Por: Jimena Ferreño
Directora General de TR Consultores
Las organizaciones necesitan equipos de Recursos Humanos cada vez más preparados para ordenar procesos, acompañar líderes y sostener decisiones de talento con mayor criterio. Profesionalizar el área ya no es una mejora deseable: es una necesidad estratégica y de impacto.
Recursos Humanos dejó de ser, hace tiempo, un área de soporte. Hoy ocupa un lugar de alto impacto dentro de las organizaciones: interviene en la atracción y selección de talento, en el desarrollo de colaboradores y líderes, en la formación y preservación de la cultura, en la gestión del clima interno, acompaña y promueve el cambio y participa como socio estratégico en decisiones que impactan directamente en la forma en que una empresa crece o se ordena, colabora en el crecimiento del negocio, contribuyendo a fortalecer con su gestión la marca empleadora. Seguir pensando en las áreas de gestión humana como un área meramente operativa o de soporte nos desenfoca de la estrategia a los directivos de las empresas.
Desde TR CONSULTORES, vemos frecuentemente cómo a los equipos de Recursos Humanos se les pide agilidad, claridad, capacidad de respuesta, acompañamiento a líderes, gestión de conflictos, mirada estratégica y, al mismo tiempo, eficiencia en lo cotidiano. Es importante poder observar si todo eso ocurre con un equipo que cuente realmente con las herramientas, la capacitación y la estructura necesarias para sostener esa demanda. El análisis de la profesionalización de las estructuras junto al negocio tiene grandes riesgos cuando se sobrecargan los equipos sin poner foco en el desarrollo de habilidades que se pretenden destacar: exceso de carga operativa; por ende, subestimamos la eficiencia, los recursos y las competencias que tiene nuestro colaborador. La clave es observar permanentemente y medir resultados, y cómo llegamos a ellos.

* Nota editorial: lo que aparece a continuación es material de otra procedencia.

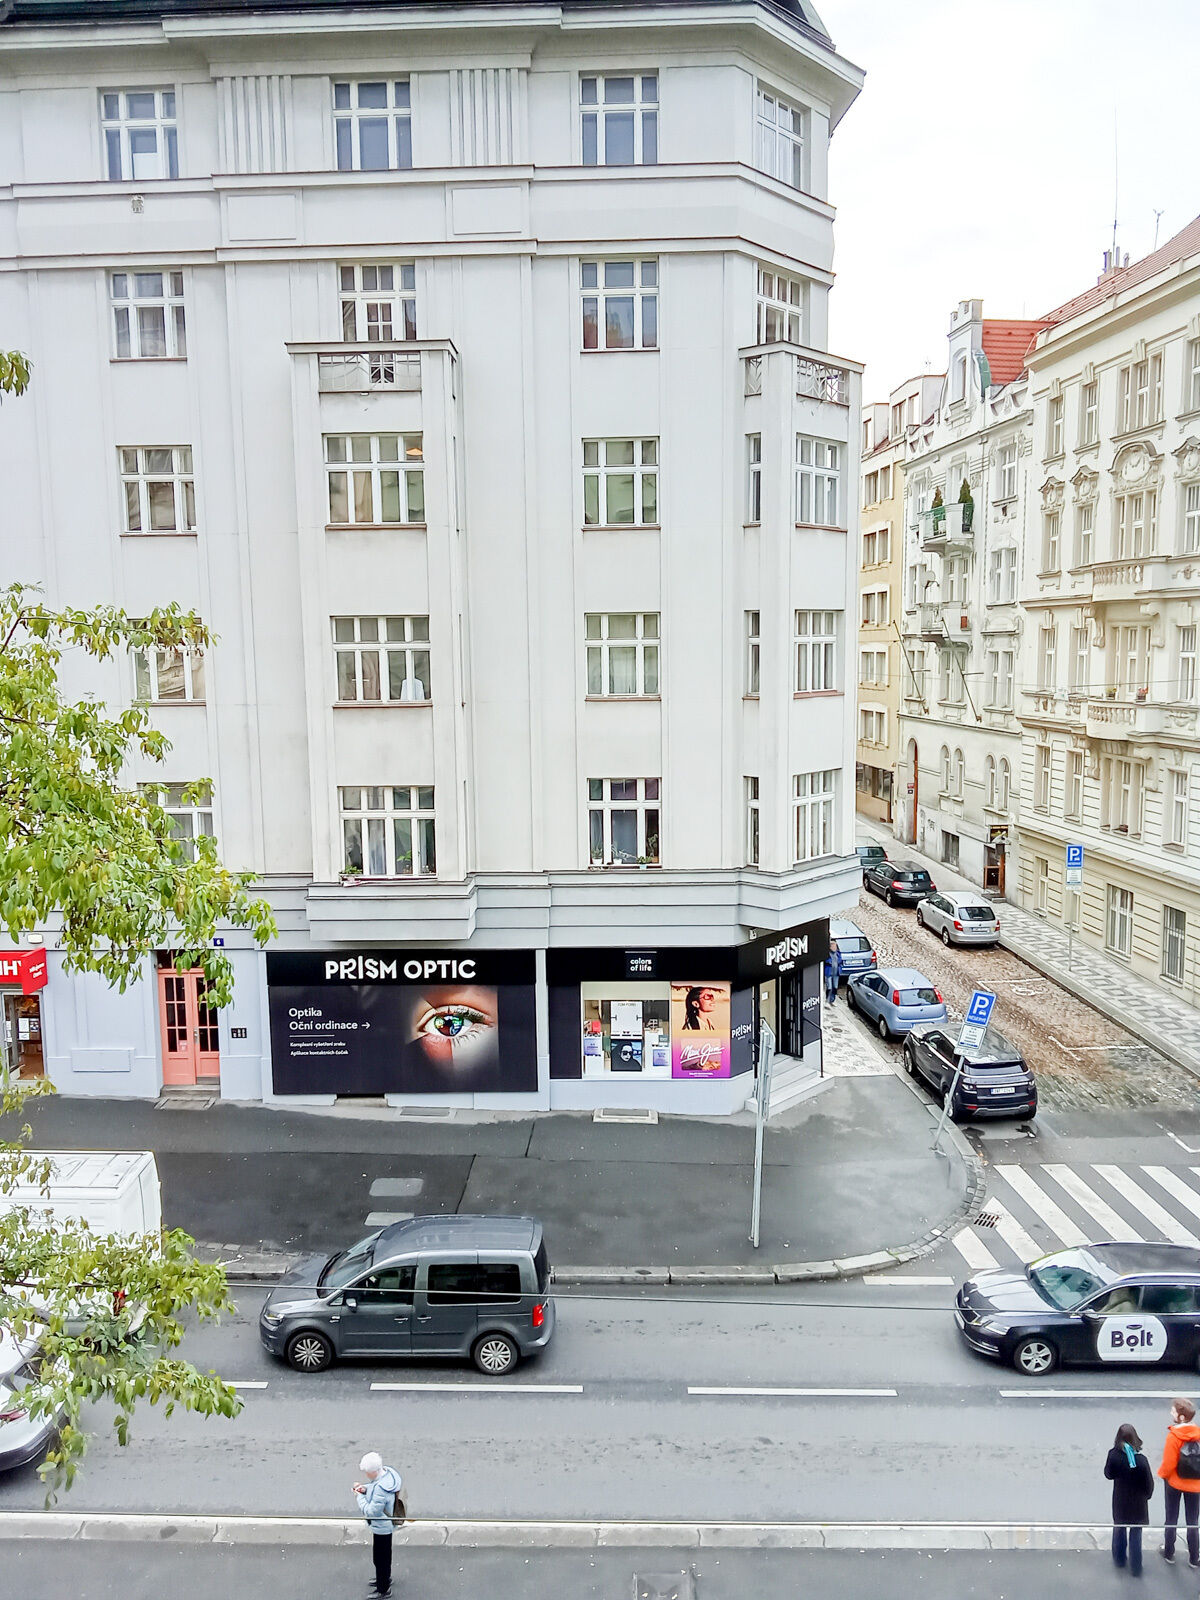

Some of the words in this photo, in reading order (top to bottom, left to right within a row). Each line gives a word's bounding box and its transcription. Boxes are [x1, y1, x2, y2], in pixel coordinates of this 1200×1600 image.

Desde mi experiencia, capacitar al equipo de Recursos Humanos en exceso puede poner a estos equipos en un rol que no es el correcto en muchas oportunidades; es evitar las conversaciones que no estamos teniendo, es poner muchas veces la responsabilidad en un área que es clave, pero acompaña al talento; no es meramente responsable de muchas cuestiones que las organizaciones deben poder empezar a pensar, cómo resolver de acuerdo a las necesidades de los equipos, que finalmente son mentores de los resultados de cualquier empresa o negocio.

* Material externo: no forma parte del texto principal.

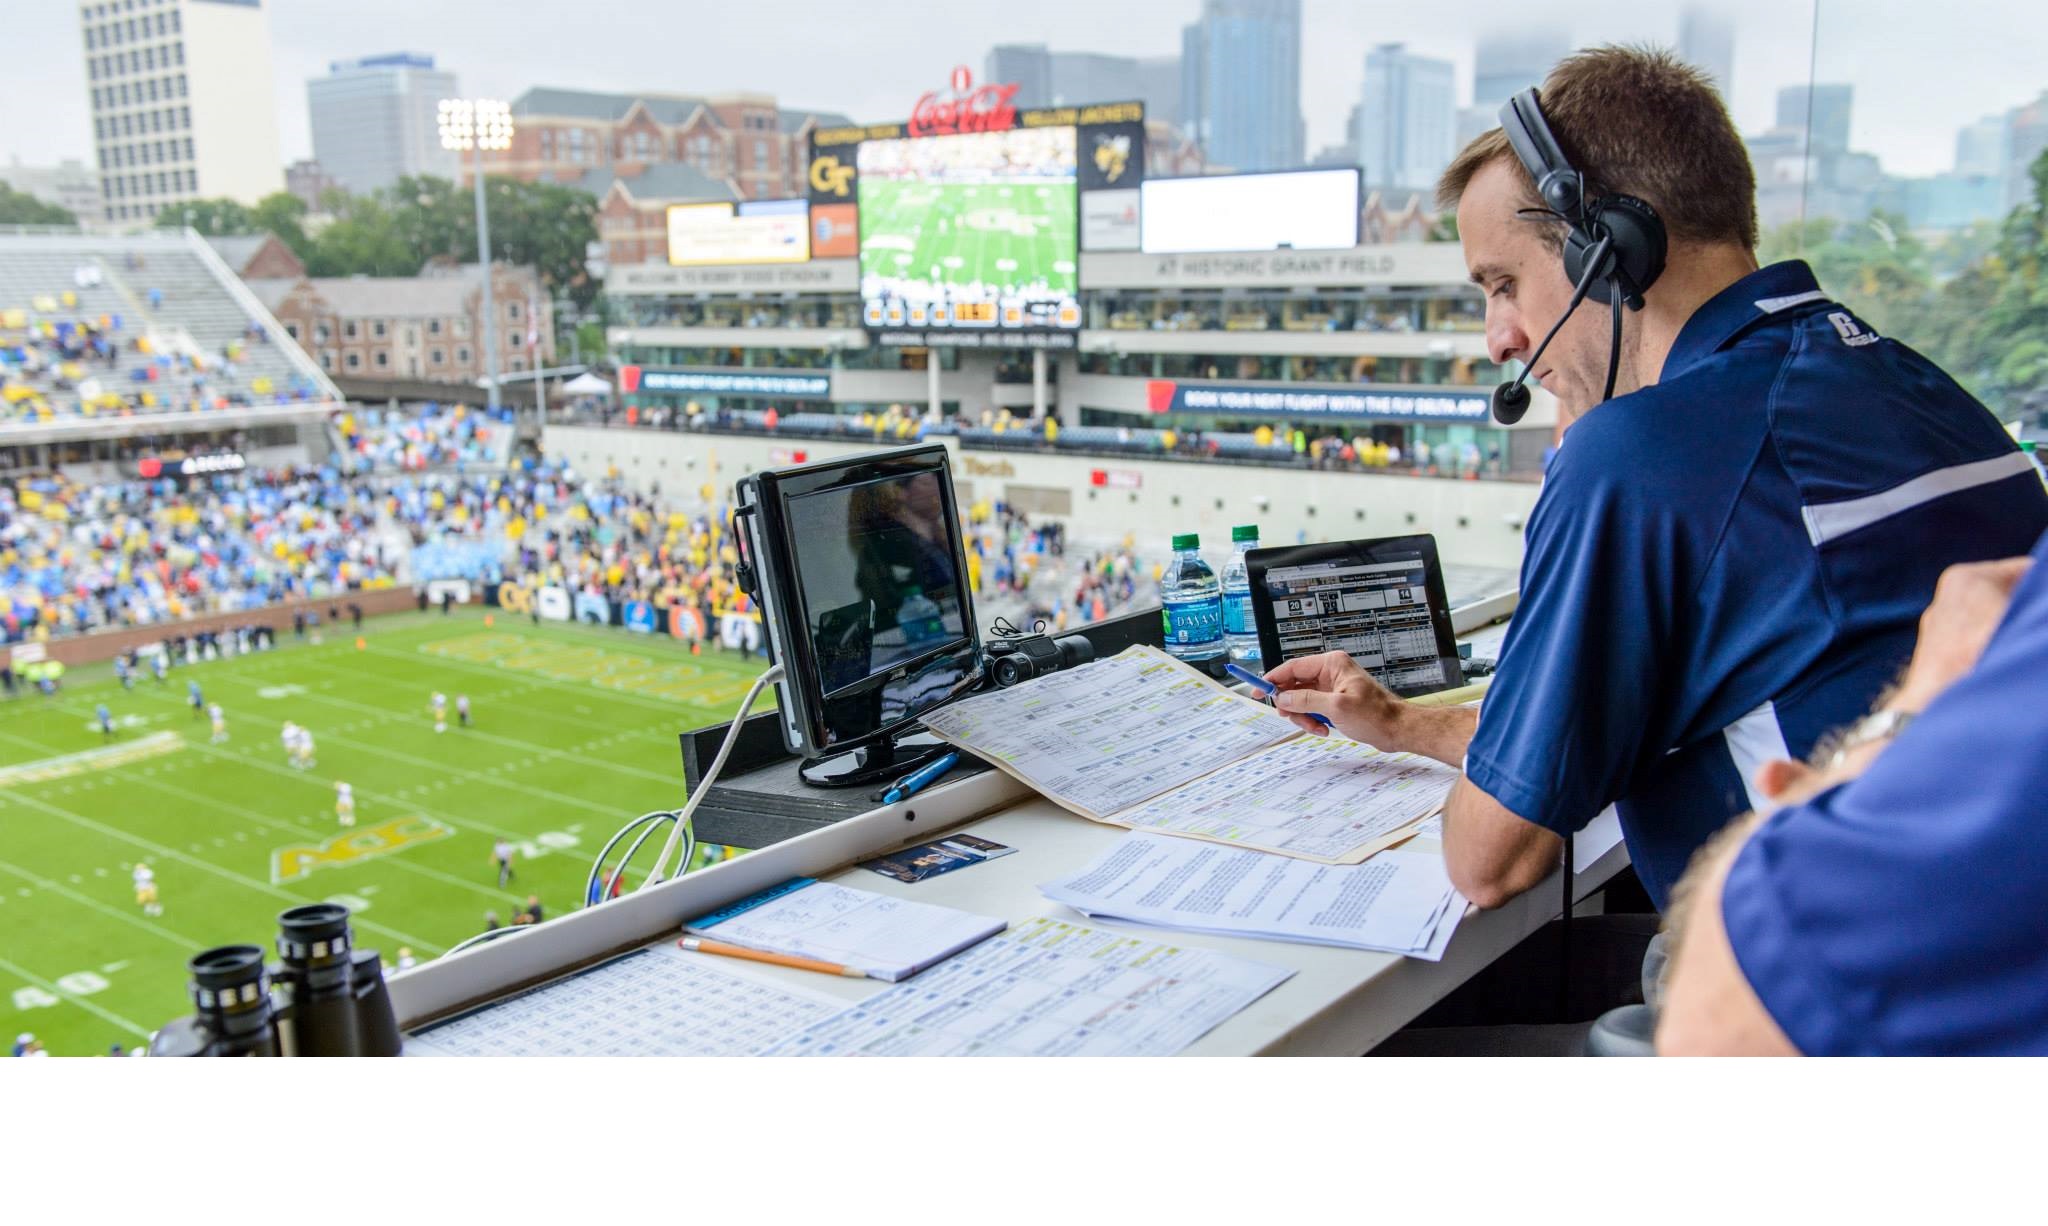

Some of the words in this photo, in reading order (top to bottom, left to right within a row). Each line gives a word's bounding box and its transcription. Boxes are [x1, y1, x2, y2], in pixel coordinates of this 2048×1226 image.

[1157, 259, 1176, 276] AT
[1183, 257, 1265, 277] HISTORIC
[1270, 256, 1334, 275] GRANT
[1340, 255, 1396, 275] FIELD
[1185, 390, 1218, 407] BOOK
[1220, 391, 1251, 409] YOUR
[1285, 393, 1327, 412] FLIGHT
[1328, 395, 1365, 413] WITH
[1366, 395, 1390, 414] THE
[1414, 397, 1456, 416] DELTA
[1457, 398, 1487, 416] APP
[963, 457, 1014, 477] Tech
[1290, 602, 1300, 610] 20

Cuando un área de RRHH incorpora mejores herramientas, ordena procesos, actualiza criterios y profesionaliza su mirada, mejora toda la organización. No solo porque se trabaja mejor sobre los procesos del área, sino porque también puede acompañar con más solidez al resto del negocio. Un equipo fortalecido toma mejores decisiones de talento, previene problemas, sostiene mejor la cultura y aporta más claridad en momentos de cambio, y el resto de la organización debe sumarse a esta política de desarrollo.
Por eso, en TR Consultores no pensamos el fortalecimiento de los recursos humanos solo desde la capacitación puntual. Lo entendemos como un proceso más amplio, que puede incluir desarrollo de habilidades, revisión de dinámicas, optimización de procesos y acompañamiento estratégico al equipo interno. El gran desafío es convertir a las organizaciones y a sus líderes en mentores del desarrollo de los equipos.
Es una inversión en gestión; la organización entera funciona mejor: hay más orden, mejores decisiones y más capacidad para sostener el crecimiento sin perder de vista a las personas”.
Este 2026 es un año desafiante en cuanto a este propósito. En nuestro equipo de Consultoría seguimos trabajando atentos a diseñar soluciones a medida para cada empresa, capturando los elementos de identidad y cultura, apuntando los programas para que acierten directo en sus objetivos estratégicos y ayuden a las personas a enriquecer el análisis y la gestión del área de Capital Humano, generando un efecto multiplicador en cada uno de los colaboradores que forman parte de cada organización.